Provided records:
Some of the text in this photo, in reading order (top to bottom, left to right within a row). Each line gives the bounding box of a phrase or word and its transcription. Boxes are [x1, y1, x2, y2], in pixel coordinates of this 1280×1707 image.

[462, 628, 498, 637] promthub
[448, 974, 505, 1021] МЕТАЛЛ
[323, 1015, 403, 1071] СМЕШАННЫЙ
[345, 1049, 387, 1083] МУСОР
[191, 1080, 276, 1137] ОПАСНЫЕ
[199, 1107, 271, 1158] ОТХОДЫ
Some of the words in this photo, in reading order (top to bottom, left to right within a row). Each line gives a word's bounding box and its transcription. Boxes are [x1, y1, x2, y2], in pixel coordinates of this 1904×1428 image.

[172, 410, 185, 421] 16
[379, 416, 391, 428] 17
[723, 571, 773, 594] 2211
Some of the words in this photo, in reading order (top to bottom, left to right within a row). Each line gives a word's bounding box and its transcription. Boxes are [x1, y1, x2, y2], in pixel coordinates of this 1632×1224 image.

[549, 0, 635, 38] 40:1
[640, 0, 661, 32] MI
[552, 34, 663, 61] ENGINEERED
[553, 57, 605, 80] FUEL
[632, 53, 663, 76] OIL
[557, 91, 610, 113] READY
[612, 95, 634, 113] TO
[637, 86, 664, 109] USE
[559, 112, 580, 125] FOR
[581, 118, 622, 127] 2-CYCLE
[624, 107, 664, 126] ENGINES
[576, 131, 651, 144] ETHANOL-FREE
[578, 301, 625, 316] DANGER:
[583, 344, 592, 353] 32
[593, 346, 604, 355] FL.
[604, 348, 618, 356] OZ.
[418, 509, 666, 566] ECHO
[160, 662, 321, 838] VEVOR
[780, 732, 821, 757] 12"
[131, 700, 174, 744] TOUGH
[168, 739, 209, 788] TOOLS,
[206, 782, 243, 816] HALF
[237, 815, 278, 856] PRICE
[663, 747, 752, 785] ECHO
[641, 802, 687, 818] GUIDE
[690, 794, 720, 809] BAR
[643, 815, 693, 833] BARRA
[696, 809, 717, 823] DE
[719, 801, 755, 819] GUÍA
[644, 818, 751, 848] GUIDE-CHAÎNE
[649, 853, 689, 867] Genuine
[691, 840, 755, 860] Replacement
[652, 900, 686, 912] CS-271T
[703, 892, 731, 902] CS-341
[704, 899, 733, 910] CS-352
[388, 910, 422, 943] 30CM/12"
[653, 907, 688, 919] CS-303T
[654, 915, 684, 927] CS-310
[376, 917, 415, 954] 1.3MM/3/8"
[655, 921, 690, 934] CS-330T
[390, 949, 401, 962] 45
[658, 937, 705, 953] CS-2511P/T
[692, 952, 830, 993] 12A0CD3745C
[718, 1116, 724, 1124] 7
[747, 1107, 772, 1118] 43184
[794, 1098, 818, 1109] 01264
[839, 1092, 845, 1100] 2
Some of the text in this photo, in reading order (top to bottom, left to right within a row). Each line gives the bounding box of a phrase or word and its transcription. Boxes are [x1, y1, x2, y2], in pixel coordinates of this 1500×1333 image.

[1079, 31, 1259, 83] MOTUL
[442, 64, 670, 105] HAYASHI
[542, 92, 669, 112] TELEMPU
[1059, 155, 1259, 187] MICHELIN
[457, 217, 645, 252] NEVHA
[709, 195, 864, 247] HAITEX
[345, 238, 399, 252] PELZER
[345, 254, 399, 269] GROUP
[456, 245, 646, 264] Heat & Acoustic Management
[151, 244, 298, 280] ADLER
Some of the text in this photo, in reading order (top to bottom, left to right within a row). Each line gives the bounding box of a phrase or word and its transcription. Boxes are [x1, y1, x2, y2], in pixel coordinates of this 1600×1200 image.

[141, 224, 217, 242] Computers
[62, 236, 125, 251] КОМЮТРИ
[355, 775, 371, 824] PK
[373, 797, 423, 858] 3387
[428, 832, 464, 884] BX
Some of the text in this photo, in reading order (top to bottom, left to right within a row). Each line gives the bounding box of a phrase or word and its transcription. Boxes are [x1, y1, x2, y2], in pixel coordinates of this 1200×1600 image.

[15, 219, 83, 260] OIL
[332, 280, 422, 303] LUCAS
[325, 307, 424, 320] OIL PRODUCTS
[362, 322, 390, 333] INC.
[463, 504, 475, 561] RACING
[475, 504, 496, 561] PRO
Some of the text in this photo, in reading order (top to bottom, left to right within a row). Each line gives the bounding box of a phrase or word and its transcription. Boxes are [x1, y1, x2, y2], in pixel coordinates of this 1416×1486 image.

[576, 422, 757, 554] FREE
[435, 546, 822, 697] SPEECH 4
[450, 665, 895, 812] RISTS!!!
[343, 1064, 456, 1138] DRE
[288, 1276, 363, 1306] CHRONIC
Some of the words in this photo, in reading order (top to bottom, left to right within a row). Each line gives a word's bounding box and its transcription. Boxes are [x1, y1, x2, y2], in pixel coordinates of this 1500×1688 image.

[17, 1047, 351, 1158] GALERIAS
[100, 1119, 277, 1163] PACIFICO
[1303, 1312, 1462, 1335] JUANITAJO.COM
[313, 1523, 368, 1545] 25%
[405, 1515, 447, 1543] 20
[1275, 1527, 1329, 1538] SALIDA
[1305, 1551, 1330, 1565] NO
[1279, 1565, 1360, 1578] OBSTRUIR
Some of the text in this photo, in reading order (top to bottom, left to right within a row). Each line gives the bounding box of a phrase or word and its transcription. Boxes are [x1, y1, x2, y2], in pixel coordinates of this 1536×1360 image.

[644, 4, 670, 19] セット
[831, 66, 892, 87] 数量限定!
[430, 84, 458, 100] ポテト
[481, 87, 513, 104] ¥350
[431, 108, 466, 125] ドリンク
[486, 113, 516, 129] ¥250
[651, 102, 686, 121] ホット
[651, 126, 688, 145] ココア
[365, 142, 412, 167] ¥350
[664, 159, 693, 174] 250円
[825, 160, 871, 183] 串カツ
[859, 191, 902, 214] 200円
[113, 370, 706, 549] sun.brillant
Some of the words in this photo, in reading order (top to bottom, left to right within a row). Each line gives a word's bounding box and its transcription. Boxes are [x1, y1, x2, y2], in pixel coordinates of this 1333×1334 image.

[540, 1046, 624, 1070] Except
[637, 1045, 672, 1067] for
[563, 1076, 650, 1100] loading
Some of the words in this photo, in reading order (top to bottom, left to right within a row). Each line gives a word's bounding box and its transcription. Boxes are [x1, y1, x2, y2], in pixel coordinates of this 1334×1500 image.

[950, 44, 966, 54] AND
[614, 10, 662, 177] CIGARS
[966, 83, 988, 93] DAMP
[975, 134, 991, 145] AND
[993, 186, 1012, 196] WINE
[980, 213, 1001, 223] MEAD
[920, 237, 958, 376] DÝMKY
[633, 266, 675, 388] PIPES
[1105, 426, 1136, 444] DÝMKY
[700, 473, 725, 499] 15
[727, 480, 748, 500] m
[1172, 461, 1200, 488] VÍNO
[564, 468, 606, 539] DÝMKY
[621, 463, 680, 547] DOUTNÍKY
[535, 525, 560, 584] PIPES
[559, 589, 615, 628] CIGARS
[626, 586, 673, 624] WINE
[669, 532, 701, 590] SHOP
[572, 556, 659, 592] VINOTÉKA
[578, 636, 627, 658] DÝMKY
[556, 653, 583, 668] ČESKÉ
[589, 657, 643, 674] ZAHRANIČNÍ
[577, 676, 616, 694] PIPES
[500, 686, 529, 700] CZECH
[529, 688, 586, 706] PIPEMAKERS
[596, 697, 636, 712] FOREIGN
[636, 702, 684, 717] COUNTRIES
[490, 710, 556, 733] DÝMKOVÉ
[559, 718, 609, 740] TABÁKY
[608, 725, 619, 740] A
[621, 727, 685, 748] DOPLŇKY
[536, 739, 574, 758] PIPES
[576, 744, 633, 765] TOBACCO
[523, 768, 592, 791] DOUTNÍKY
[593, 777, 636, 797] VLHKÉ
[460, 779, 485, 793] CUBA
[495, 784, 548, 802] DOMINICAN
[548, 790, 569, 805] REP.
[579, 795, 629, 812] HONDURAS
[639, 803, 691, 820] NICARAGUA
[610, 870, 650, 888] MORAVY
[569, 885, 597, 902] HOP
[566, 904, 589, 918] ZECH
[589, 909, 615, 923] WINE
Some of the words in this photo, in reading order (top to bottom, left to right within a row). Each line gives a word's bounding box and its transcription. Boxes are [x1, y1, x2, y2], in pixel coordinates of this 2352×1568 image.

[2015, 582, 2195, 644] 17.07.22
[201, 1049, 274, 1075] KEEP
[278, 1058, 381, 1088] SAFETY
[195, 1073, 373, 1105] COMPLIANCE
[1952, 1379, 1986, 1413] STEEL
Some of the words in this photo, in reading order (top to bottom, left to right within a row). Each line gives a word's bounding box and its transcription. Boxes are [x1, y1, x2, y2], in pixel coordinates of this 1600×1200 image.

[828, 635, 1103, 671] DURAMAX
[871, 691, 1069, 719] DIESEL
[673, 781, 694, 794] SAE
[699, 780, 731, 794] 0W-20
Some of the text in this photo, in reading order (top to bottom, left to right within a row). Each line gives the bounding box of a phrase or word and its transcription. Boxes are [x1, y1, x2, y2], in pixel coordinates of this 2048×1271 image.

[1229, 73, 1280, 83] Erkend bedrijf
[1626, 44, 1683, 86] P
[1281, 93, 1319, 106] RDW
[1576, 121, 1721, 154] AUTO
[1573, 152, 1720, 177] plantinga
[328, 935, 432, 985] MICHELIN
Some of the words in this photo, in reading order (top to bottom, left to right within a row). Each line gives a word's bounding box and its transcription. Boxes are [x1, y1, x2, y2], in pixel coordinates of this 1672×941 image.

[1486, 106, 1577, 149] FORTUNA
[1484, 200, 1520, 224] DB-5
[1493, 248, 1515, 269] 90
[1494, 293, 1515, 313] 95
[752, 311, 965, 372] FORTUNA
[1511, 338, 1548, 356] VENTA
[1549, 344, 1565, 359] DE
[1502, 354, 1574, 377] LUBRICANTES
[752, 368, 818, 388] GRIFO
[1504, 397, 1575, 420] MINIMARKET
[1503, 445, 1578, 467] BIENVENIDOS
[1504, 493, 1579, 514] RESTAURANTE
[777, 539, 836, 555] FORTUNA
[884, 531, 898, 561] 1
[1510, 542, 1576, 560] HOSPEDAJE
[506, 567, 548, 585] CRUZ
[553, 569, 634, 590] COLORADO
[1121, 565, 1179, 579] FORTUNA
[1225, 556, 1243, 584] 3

Work instruction: The expected output is a verbatim retyping of each line from the one with "this 1672×941 image." to the end of the listing above, with both end lines kept and nothing added.

Reply to the exercise:
Some of the words in this photo, in reading order (top to bottom, left to right within a row). Each line gives a word's bounding box and its transcription. Boxes are [x1, y1, x2, y2], in pixel coordinates of this 1672×941 image.

[1486, 106, 1577, 149] FORTUNA
[1484, 200, 1520, 224] DB-5
[1493, 248, 1515, 269] 90
[1494, 293, 1515, 313] 95
[752, 311, 965, 372] FORTUNA
[1511, 338, 1548, 356] VENTA
[1549, 344, 1565, 359] DE
[1502, 354, 1574, 377] LUBRICANTES
[752, 368, 818, 388] GRIFO
[1504, 397, 1575, 420] MINIMARKET
[1503, 445, 1578, 467] BIENVENIDOS
[1504, 493, 1579, 514] RESTAURANTE
[777, 539, 836, 555] FORTUNA
[884, 531, 898, 561] 1
[1510, 542, 1576, 560] HOSPEDAJE
[506, 567, 548, 585] CRUZ
[553, 569, 634, 590] COLORADO
[1121, 565, 1179, 579] FORTUNA
[1225, 556, 1243, 584] 3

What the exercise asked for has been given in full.